In the larger map, congruence and similarity are examples of equivalence relationships. Congruent figures are equivalent under rigid motions. Similar figures are equivalent under similarity transformations. Later mathematics studies many kinds of equivalence: equal values, equivalent expressions, similar matrices, congruent modular classes, isomorphic structures. This geometry objective is an early training ground for recognizing when two objects are “the same” in the relevant sense.

How to execute the skill technically

A strong problem-solving process begins by identifying triangles and marking known information. Look for shared sides, vertical angles, parallel-line angle relationships, right angles, midpoints, perpendicular bisectors, and proportional side information.

Next, decide whether the conclusion requires equality or proportion. If the problem asks you to prove two segments equal, congruence may be the right path. If it asks for a missing length in a scaled figure, similarity may be right.
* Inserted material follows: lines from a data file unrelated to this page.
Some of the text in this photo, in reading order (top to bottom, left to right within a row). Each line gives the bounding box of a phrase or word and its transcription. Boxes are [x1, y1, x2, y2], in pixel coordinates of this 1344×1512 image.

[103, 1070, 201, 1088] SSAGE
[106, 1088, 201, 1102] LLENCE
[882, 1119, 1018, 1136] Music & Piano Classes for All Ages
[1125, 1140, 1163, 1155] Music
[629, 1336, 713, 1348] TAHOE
If it asks for angle equality, either congruence or similarity might work.

For congruence, check criteria. SSS requires three pairs of equal sides. SAS requires two pairs of equal sides and the included angle. ASA and AAS require angle-side combinations. HL applies to right triangles with equal hypotenuse and one leg.
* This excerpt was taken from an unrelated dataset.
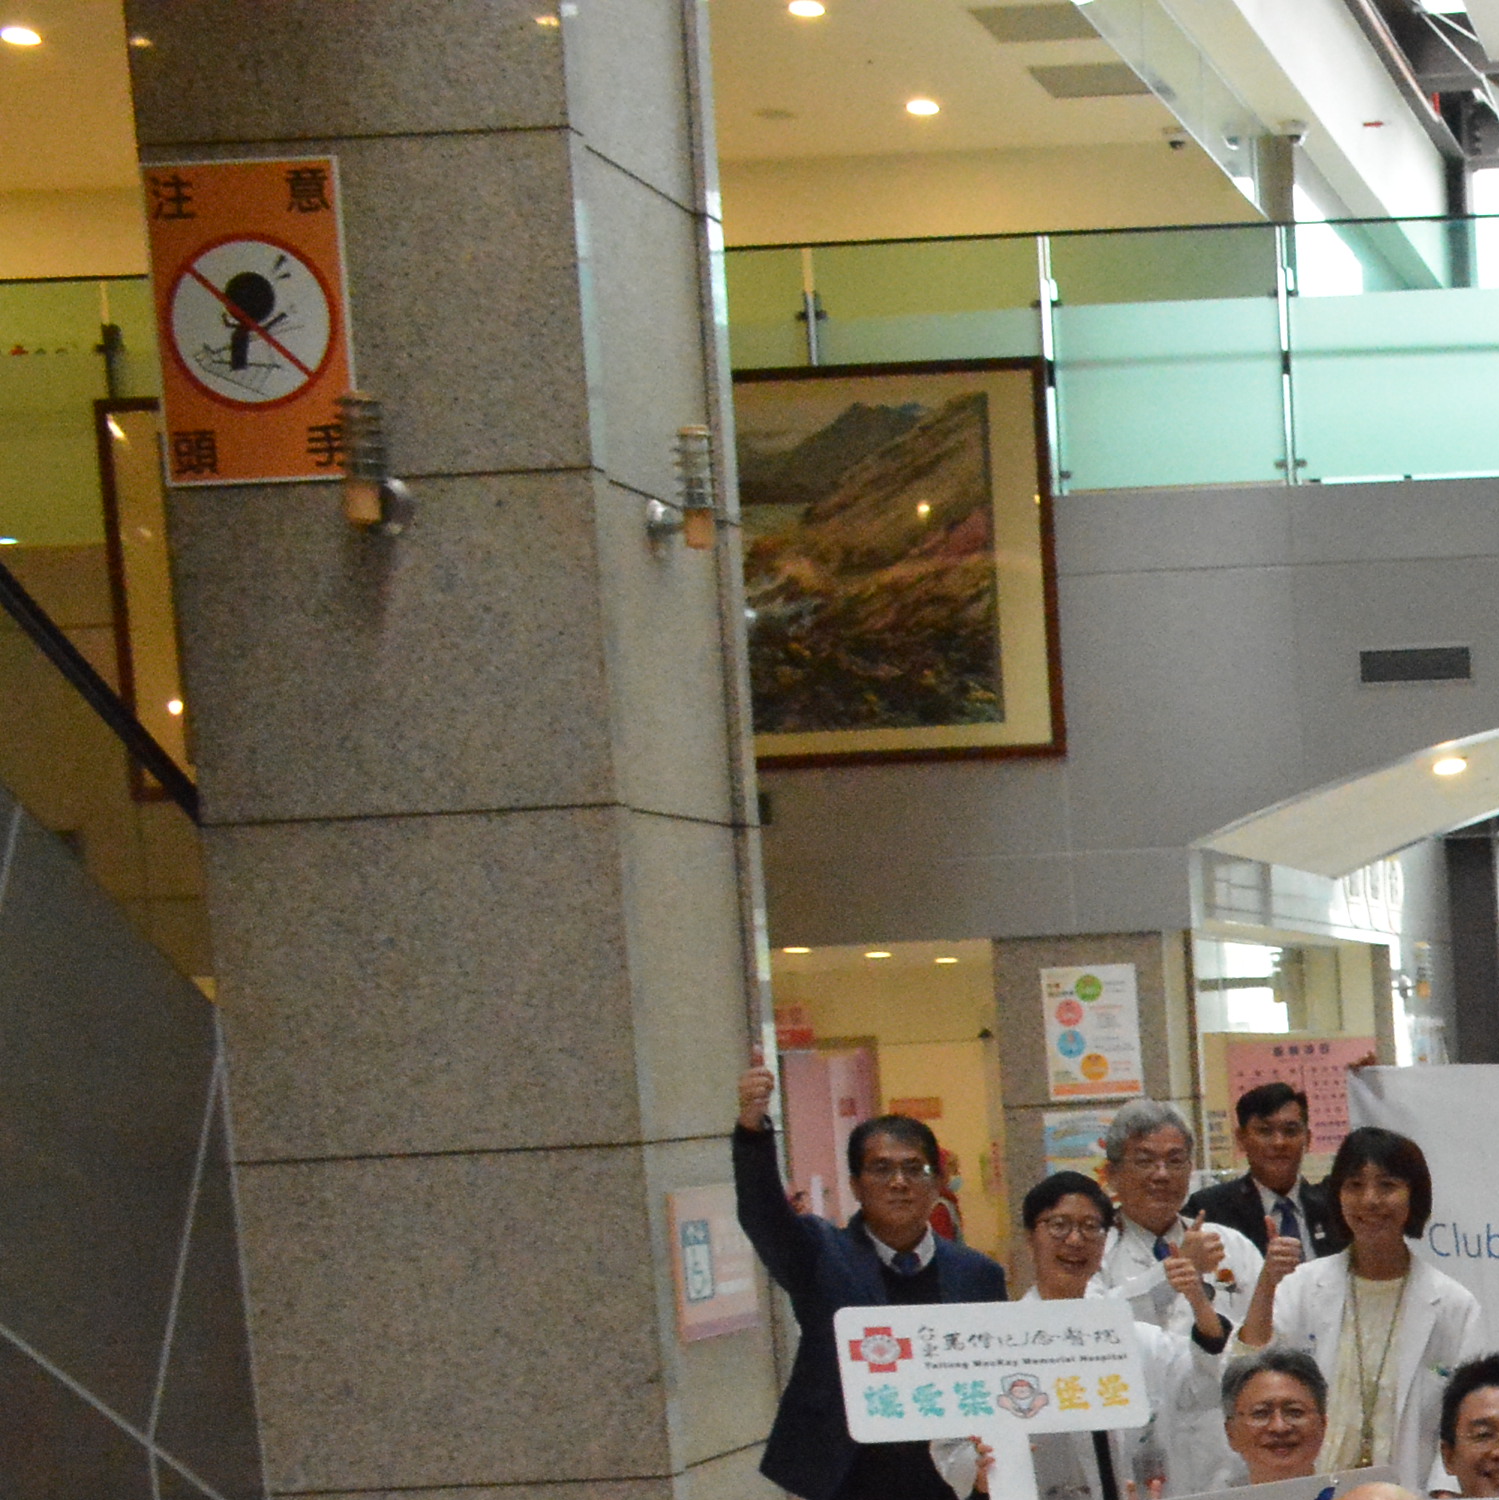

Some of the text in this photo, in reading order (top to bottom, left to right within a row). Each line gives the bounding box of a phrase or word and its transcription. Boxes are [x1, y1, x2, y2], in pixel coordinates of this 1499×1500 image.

[150, 167, 330, 220] 注意
[172, 423, 346, 475] 頭手
[924, 1352, 1128, 1371] Taitung MacKay Memorial Hospital
For similarity, check criteria. AA requires two pairs of equal angles. SSS similarity requires all corresponding side ratios equal. SAS similarity requires two pairs of corresponding sides proportional and the included angle equal.
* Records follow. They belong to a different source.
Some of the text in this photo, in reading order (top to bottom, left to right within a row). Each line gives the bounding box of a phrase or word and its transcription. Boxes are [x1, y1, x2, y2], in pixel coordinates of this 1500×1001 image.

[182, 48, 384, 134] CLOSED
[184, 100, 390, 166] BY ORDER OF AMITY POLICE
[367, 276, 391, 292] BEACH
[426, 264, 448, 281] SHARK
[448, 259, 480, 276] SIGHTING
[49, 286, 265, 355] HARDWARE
Once the relationship is proved, use the correct consequences. Congruence gives equality of corresponding parts. Similarity gives proportional side lengths and equal corresponding angles.

A typical similarity problem might give two triangles with angles established by parallel lines. After proving the triangles similar by AA, students write a proportion such as \(small side / large side = another small side / another large side\) and solve for the unknown. A typical congruence problem might prove two triangles congruent by SAS and then conclude that two non-given angles are equal.

Common misconceptions and productive corrections

One misconception is assuming similarity just because figures look alike. Criteria must justify it.

Another misconception is using CPCTC after similarity. CPCTC applies to congruent triangles, not merely similar triangles. Similar triangles have proportional sides, not necessarily equal sides.

A third misconception is setting up proportions with mismatched sides. Students should match shortest to shortest, longest to longest, or use the vertex order in the similarity statement.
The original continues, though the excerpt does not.